START LISTED RECORDS

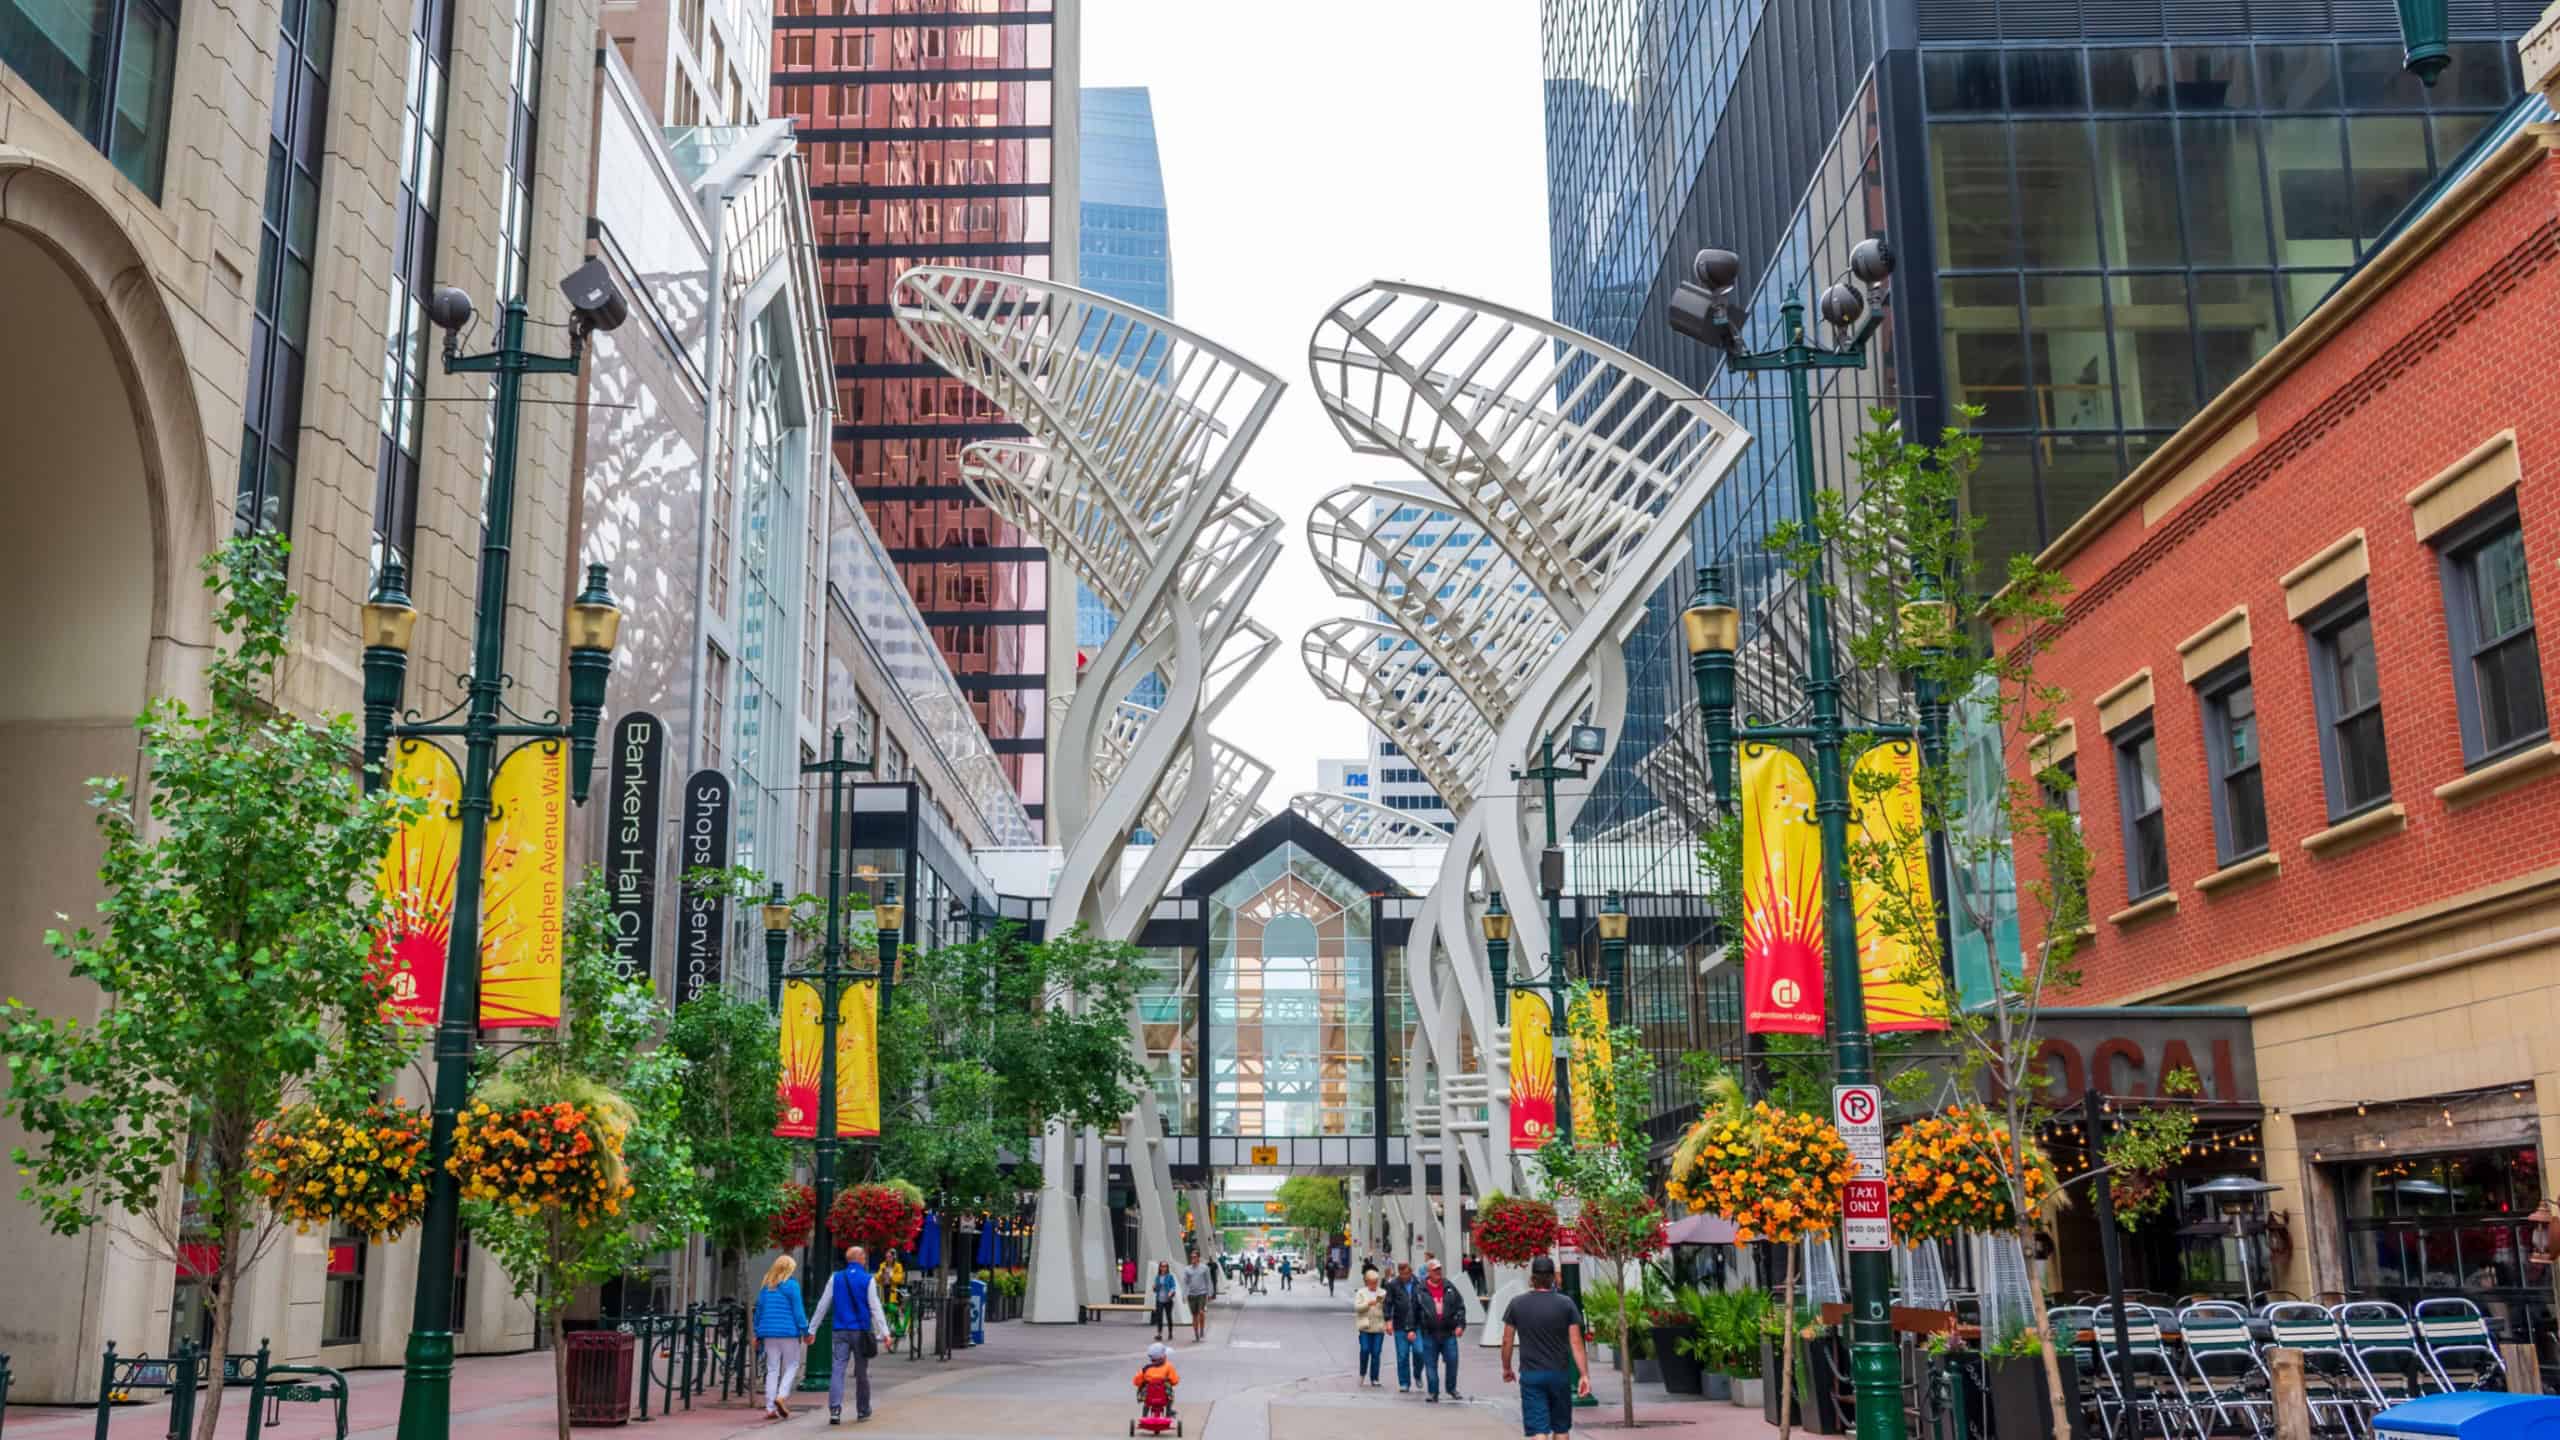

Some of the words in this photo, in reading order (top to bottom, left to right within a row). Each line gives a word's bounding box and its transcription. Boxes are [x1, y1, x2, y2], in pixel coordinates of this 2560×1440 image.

[621, 723, 650, 843] Bankers
[539, 801, 559, 874] Avenue
[689, 787, 720, 864] Shops
[618, 850, 643, 904] Hall
[536, 881, 560, 965] Stephen
[615, 911, 640, 980] Club
[688, 897, 715, 1001] Services
[1849, 1187, 1877, 1198] TAXI
[1849, 1201, 1880, 1212] ONLY

END LISTED RECORDS

- WHAT YOU ARE ASKED TO DO
Since the pictures are not wanted, repeat only the rest of the material, exactly as given.

- OUTPUT
Some of the words in this photo, in reading order (top to bottom, left to right within a row). Each line gives a word's bounding box and its transcription. Boxes are [x1, y1, x2, y2], in pixel coordinates of this 2560×1440 image.

[621, 723, 650, 843] Bankers
[539, 801, 559, 874] Avenue
[689, 787, 720, 864] Shops
[618, 850, 643, 904] Hall
[536, 881, 560, 965] Stephen
[615, 911, 640, 980] Club
[688, 897, 715, 1001] Services
[1849, 1187, 1877, 1198] TAXI
[1849, 1201, 1880, 1212] ONLY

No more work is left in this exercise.